Harper’s lack of response in the Idle No More movement
By Natalie Serafini, Opinions Editor
I’ve had my issues with Stephen Harper. Quite apart from the fact that his face appears to be permanently smug, I don’t think he’s passed muster as prime minister. I disagree with his funding decisions; I’m disdainful of his passing agreements and downplaying them in the media, presumably to avoid criticism (the quiet development of an agreement with CNOOC being a recent example); and I doubt that anyone—least of all the Conservatives—was happy about the allegations of manipulative and downright dirty strategies employed by the Conservative party in the last federal election.
I’m not just holding grudges, either. Harper is now effectively demonstrating his failure to negotiate with or acknowledge those who challenge him. Those who challenge him being members of the Idle No More movement.
The movement was started by four Saskatchewan women, frustrated by the Conservative’s latest and not-so-great omnibus, Bill C-45. They assert that the bill makes it easier to sell off Indian reserves, while Tom Flanagan, political scientist and supporter of the Conservative party, argues that the bill makes it easier for First Nations to lease their land.
Theresa Spence, chief of the Attawapiskat First Nation, has been on a hunger strike since December 11, vowing not to eat until she has secured a meeting with Prime Minister Harper. For his part, the right and honourable PM has yet to agree to a meeting, while Spence has received endorsements from members of other political parties.
Although protests in the name of Idle No More have been spreading, the support being sought from Harper is notably absent. Harper’s response has been nonexistent apart from mentioning a gathering between the Crown and the First Nations last January. As Jenny Uechi of the Vancouver Observer notes, there’s been plenty of time for his team to tweet about “Charlie the Chinchilla [getting] into the Christmas spirit at 24 Sussex.” I’m aware that it’s most likely some poor forlorn intern who’s having to tweet about a Christmas chinchilla, and I know that Harper’s not about to address Idle No More in a tweet. But utter silence rather than addressing what are some legitimate concerns from a long marginalized community?
For a moment, let’s forget about the question of whether or not he cares about the Ghandi-esque protests of a First Nation chief, or her health, or her reasons for protesting. His responsibility as prime minister is to listen and respond to the beliefs, concerns, and votes of the Canadian people. So far, I’d say he’s done a less than mediocre job of doing so.

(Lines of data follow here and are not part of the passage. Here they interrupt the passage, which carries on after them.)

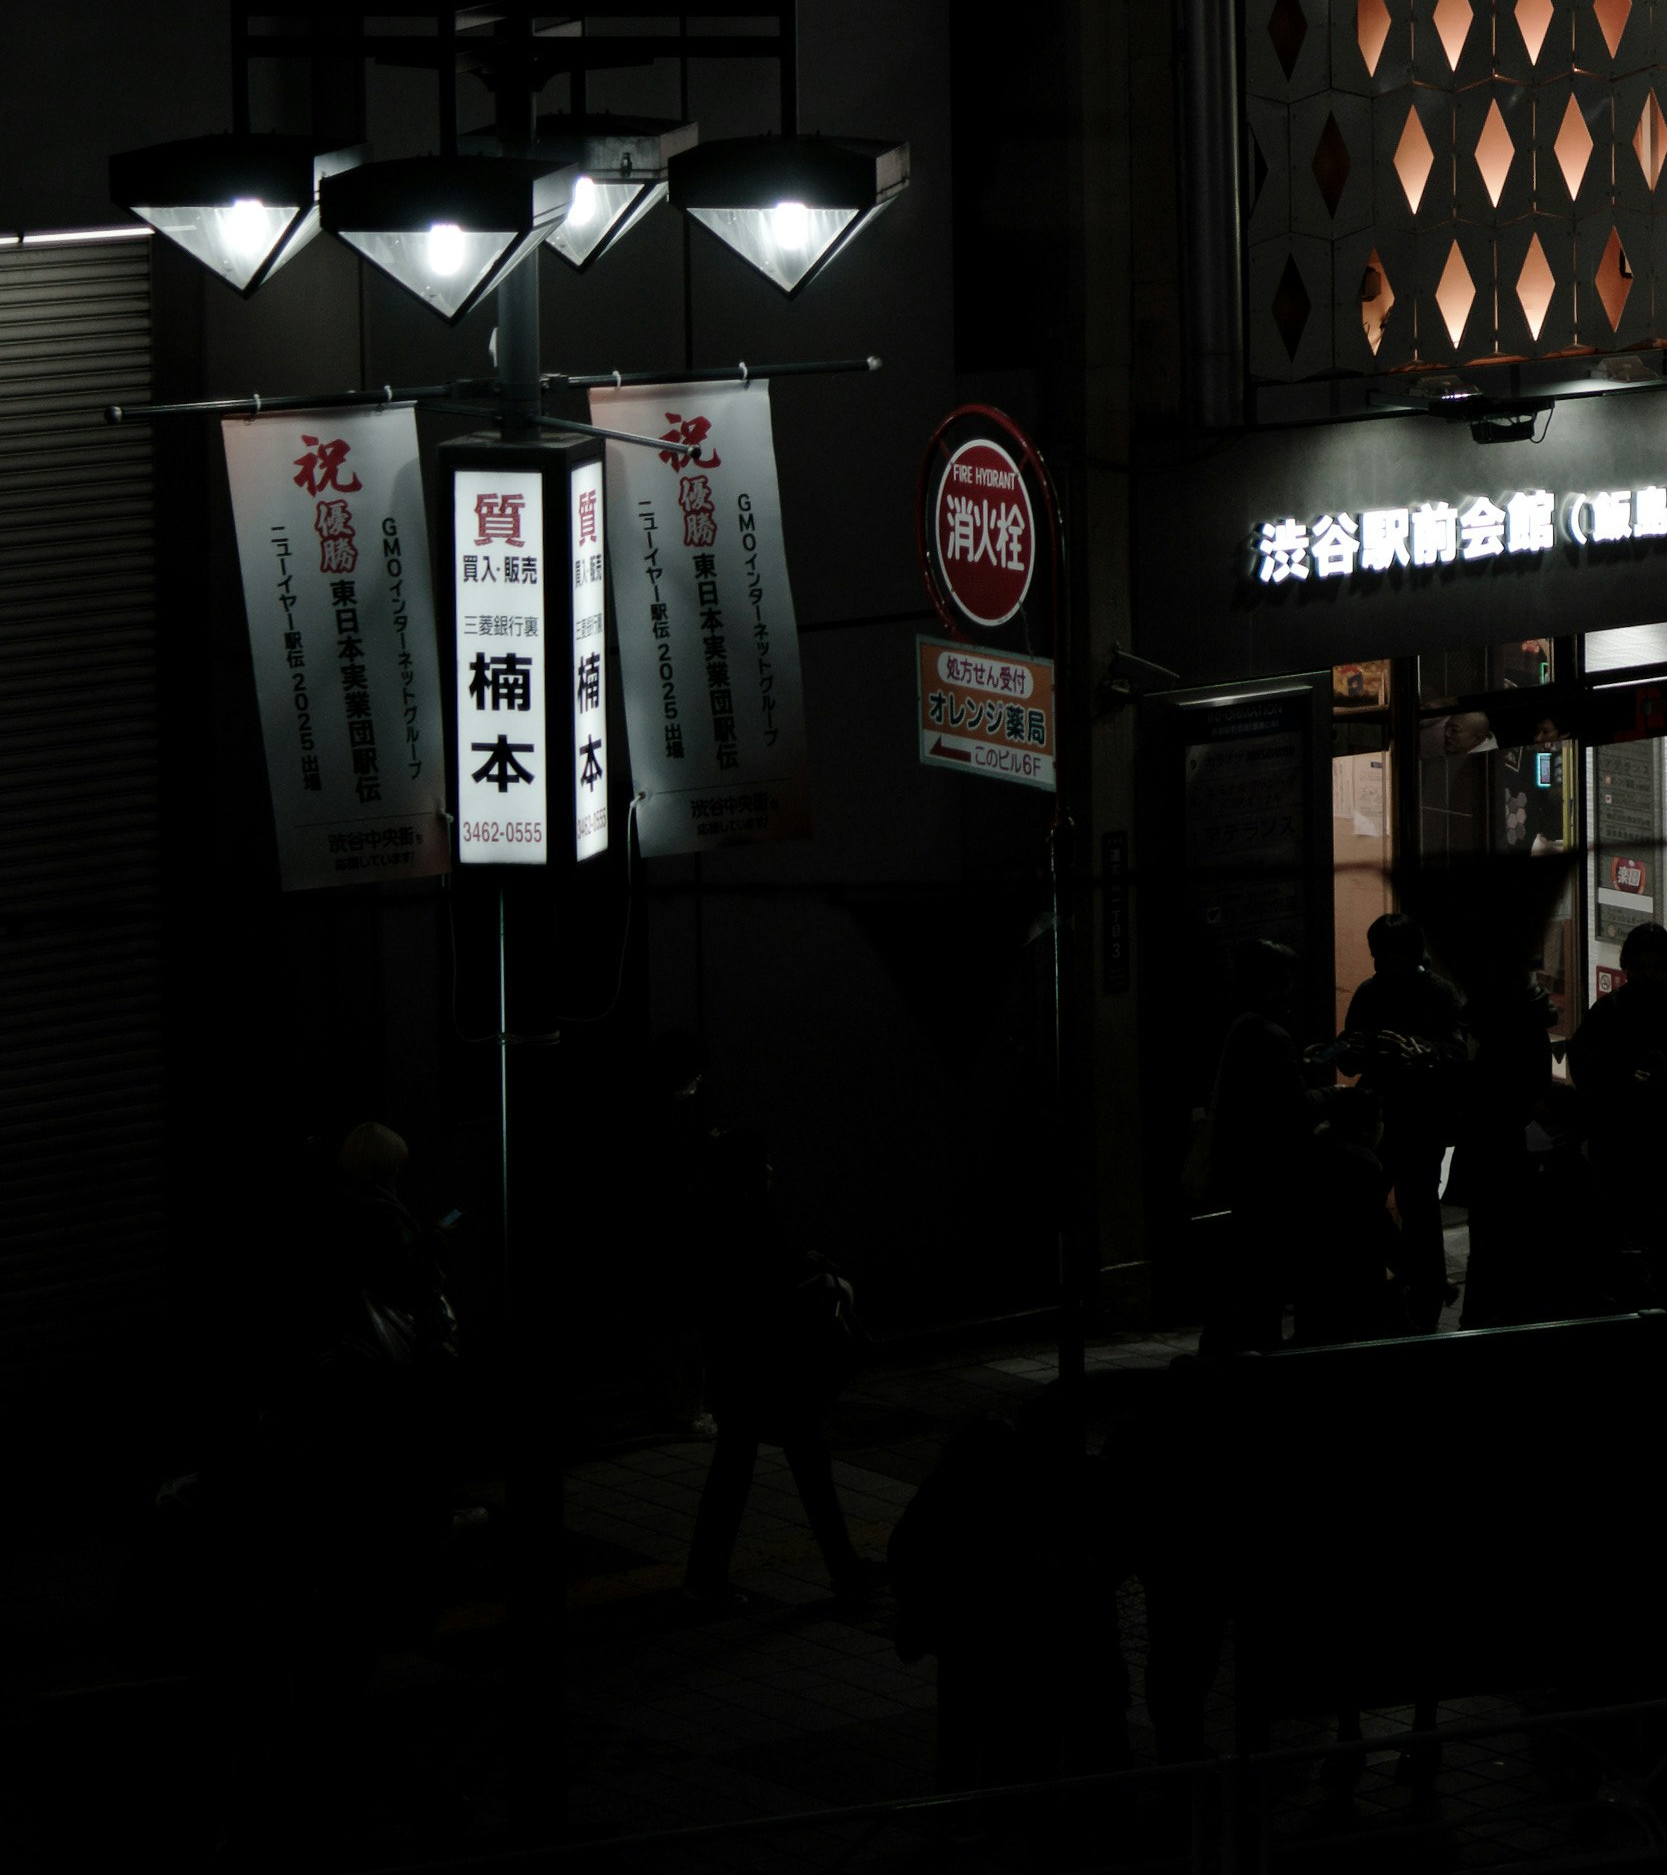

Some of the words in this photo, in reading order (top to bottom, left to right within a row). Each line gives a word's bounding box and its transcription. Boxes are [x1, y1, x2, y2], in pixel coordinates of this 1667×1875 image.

[293, 435, 362, 497] 祝
[658, 412, 721, 473] 祝
[953, 463, 973, 485] FIRE
[975, 467, 1017, 492] HYDRANT
[314, 498, 359, 574] 優勝
[474, 492, 526, 548] 質
[579, 489, 597, 548] 質
[679, 474, 718, 548] 優勝
[946, 494, 1026, 572] 消火栓
[463, 615, 539, 638] 三菱銀行裏
[329, 580, 382, 803] 東日本実業団駅伝
[692, 553, 738, 771] 東日本実業団駅伝
[946, 656, 1026, 695] 処方せん受付
[469, 651, 536, 793] 楠本
[577, 651, 604, 793] 楠本
[930, 691, 1046, 746] オレンジ薬局
[463, 821, 542, 843] 3462-0555

The Conservative’s alleged robo-calls manipulated the vote, and—if the allegations are true—directly went against what a politician is meant to be. True, some politicians aim to remain in power irrespective of fact and fiction, yet the ideal politicians are still those who endeavor to represent the people. A party that would intentionally dissuade groups from voting because those people aren’t voting the “right” way is intent on not listening to the people.
Harper burying potentially unpopular decisions shows a lack of commitment to serving the people and to honesty. He has been accused of burying the CNOOC agreement by announcing it on a Friday evening—a time notorious for harbouring the fugitives of agreements; those sickly bills and decisions that would die off if exposed to the harsh light of day and the public’s ire.
Harper’s handling of Idle No More seems very much in line with his ever-sullying track record. No person is perfect, and politicians are not exempt from that generalization. Is it too much to ask, though, that our prime minister strive to be good?